During a podcast appearance this week, she talked about getting the virus.

There was a COVID-19 outbreak among some of Canada’s most high-profile drag queens.

During an appearance this week on comedian Nicole Byer’s podcast “Why Won’t You Date Me,” Canada’s Drag Race season one winner Priyanka, whose out of drag name is Mark “Suki” Suknanan, revealed that she had COVID-19 earlier this year — and she says she got it from a fellow queen.

“I got COVID because Brooke Lynn Hytes gave me COVID,” she said, before joking that “white people ruin everything.”

The pair toured across Canada earlier this year after the show’s first season.
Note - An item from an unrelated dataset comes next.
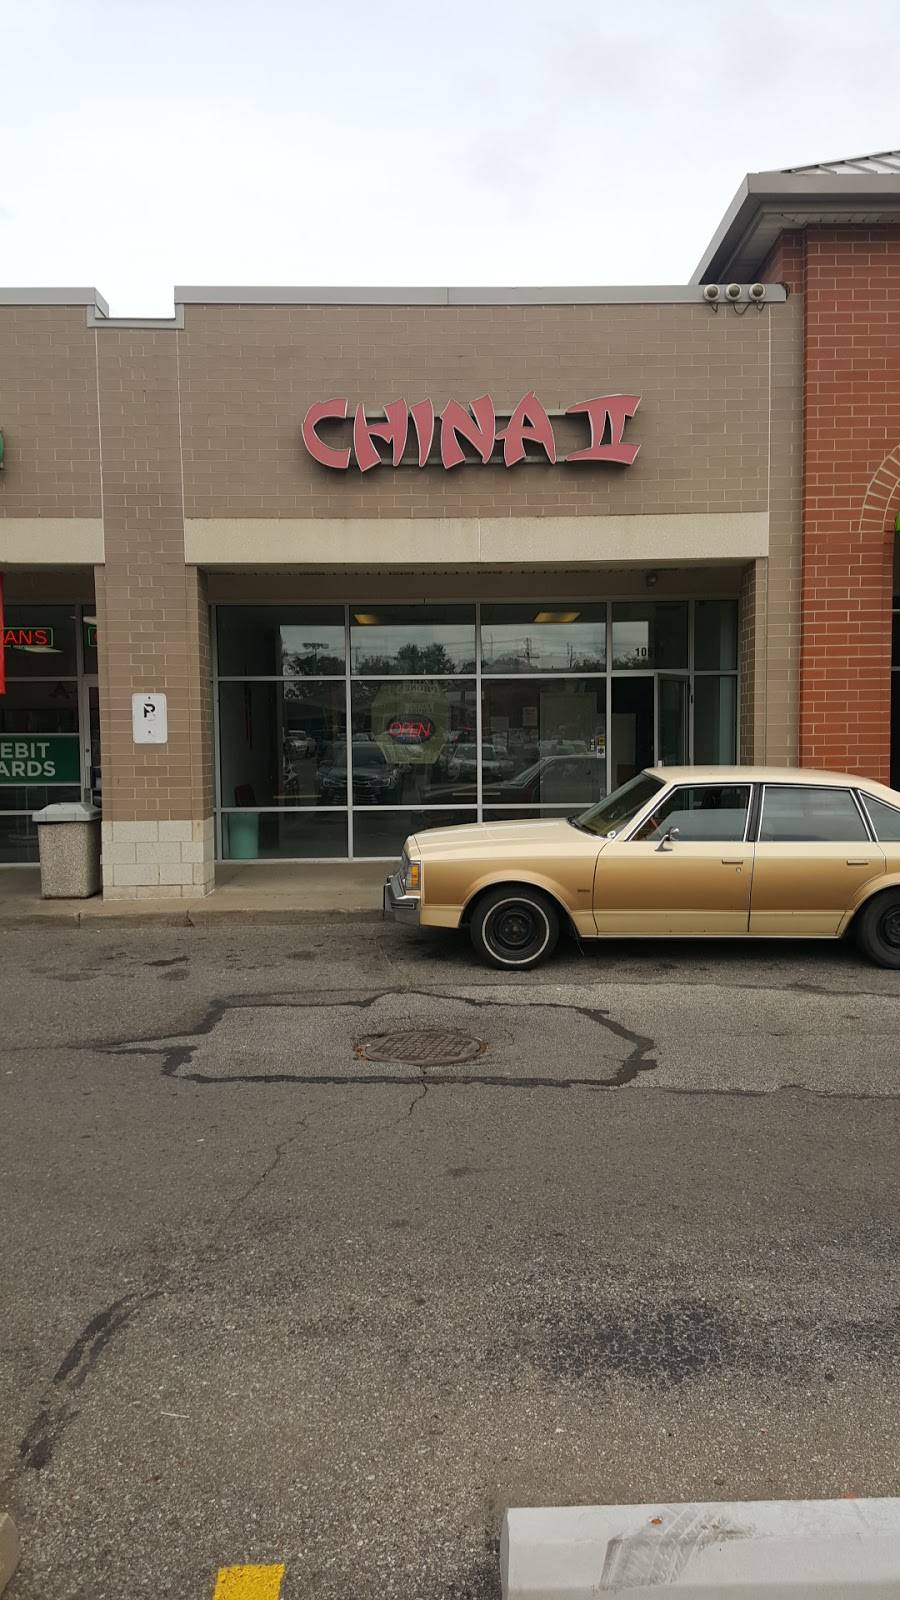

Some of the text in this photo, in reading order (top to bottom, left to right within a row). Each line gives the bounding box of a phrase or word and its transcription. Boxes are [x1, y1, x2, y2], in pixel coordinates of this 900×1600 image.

Hytes appeared on season 11 of “RuPaul’s Drag Race” and was one of three judges on the Canadian version of the reality competition series. Alongside several other queens from the show, they participated in drive-in shows.

Hytes tested positive in late September after finding out she had been in contact with “a few” people with COVID-19 and did not participate in the show’s last few episodes.

Priyanka said she had no symptoms, but her partner at the time had “all the symptoms.” The Toronto-based queen warned that she was lucky to come out it the way she did, and reminded everyone that it’s important to follow COVID-19 safety guidance.

“Put your f**king mask on and wash your hands. I’m lucky I didn’t get bad symptoms. I have asthma too, so I could have been not like Canada’s Drag Race Superstar, I could have been dead on the floor,” she said. “You don’t know how it’s going to hit you, you don’t know how it’s going to hit your parents. There are so many things that can go wrong.

Byer agreed.

“I feel like people, when they go out into the world fearless as f**k, they’re like ‘maybe I’ll just be asymptomatic’ and like, why would you want to give it to someone?” Byer said.

“Put your f**king mask on and wash your hands.”

- Priyanka

Priyanka is the first winner from RuPaul’s international franchise of Indian descent — specifically, its first Indo-Caribbean drag queen winner. During the podcast, the pair also discussed how the queen’s life has changed since winning the first season of “Canada’s Drag Race.”

She talked about how peoples’ embrace of her persona out of drag allowed her to believe in herself more and have more confidence.

“My life has changed in a way that I just believe in myself more, as me, as Mark,” she said.